For complex questions, the model doesn't run just one search. It runs several, a process known as "fan-out." Each grounding query targets a different angle of the topic, pulling in multiple sources to cover the full answer. 

The AI is essentially doing what a thorough researcher does when they search the same topic multiple ways before writing anything.

What's actually inside a grounding query

Technically, a grounding query is a string, something as direct as "What's a monstera?" generated by the model to fetch specific chunks of content from the web. 

Grounding queries translate vague, conversational user prompts into the kind of exact, structured language that a traditional web index can match against. 

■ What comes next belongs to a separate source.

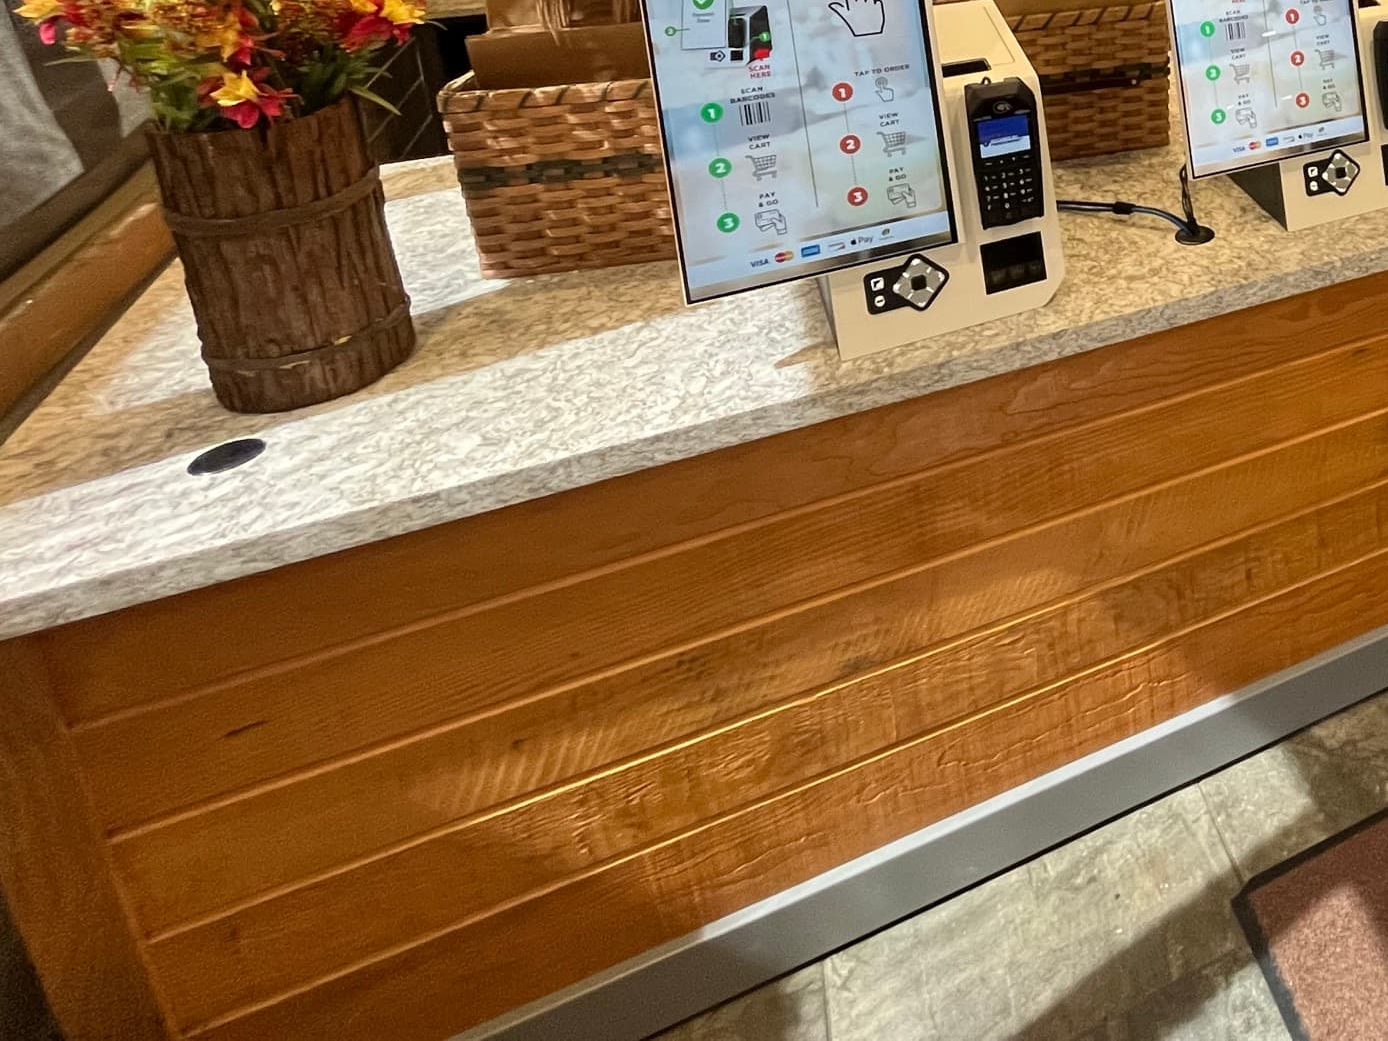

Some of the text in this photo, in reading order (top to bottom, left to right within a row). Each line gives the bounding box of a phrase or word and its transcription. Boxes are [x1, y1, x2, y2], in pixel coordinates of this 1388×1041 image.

The user says, "Hey, what are some good indoor plants for low light?" The AI turns that into two or three targeted searches and retrieves the relevant facts. You never typed those searches. The AI did it for you.

Ranking still matters, but the unit has changed

Here's where it gets important for SEO.

Recent research analyzing over 7,000 queries found that Google's AI operates with a finite "grounding budget": roughly 2,000 words of total source content per response. It doesn't read your whole page. It pulls specific chunks: sentences and paragraphs that directly answer the grounding query it ran.

The correlation between traditional search ranking and being selected as a grounding source is significant. Pages that rank higher for a given grounding query tend to receive a larger share of that grounding budget. 

So the mechanics of traditional SEO: domain authority, on-page relevance, structured content, generally still determine who gets used as a source.

But the unit of value has shifted. It's no longer the page. It's the chunk, a specific sentence or paragraph that directly answers what the AI was looking for. The AI can pull a relevant sentence from paragraph seven of your article without reading paragraphs one through six. 

If your most information-dense content is buried under filler, it still has a chance to surface. If your page has no information-dense content at all, it doesn't.

Where grounding queries replace search, and where they don't

For the user, the experience has fundamentally changed. For fact-based queries: definitions, specifications, comparisons, how-to answers, most users no longer type a search, scan blue links, and click through. The AI synthesizes the answer directly. The grounding system handles the searching. This is a real behavioral shift that isn't reversing.

For the system, nothing has replaced the underlying infrastructure. Google's index, its crawling mechanisms, its document-matching logic, all of it is still the prize. The AI is entirely dependent on the search engine's ability to return relevant results for the grounding queries it generates. No index, no grounding. The web still needs to be crawlable, indexable, and rankable for any of this to work.

The human behavior underneath it all, the drive to find information, hasn't changed. The experience layer has. SEO's job is now to be the source inside the answer, not just the link below it.

What this means for your content strategy

Optimize for the grounding query, not just the user query

Since the AI generates specific search strings to find its sources, your content needs to directly and precisely answer those strings. High information density wins. A crisp, accurate two-sentence answer to a specific question will outperform a 2,000-word article that takes 800 words to get to the point.

Build grounding pages

Think of these as mini-wikis: tightly structured pages that cover a topic with clarity, defined terms, clear specifications, and structured data markup. If the AI runs a grounding query about product specs or technical definitions, your page needs those facts stated plainly and tagged properly to be selected as a source.

Track citation volume, not just rankings

Visibility in AI responses requires a different measurement framework. The KPIs that matter now include how often your content is cited in AI-generated answers, what sentiment surrounds those citations, and which content clusters are being used as grounding sources versus which ones are invisible to the model.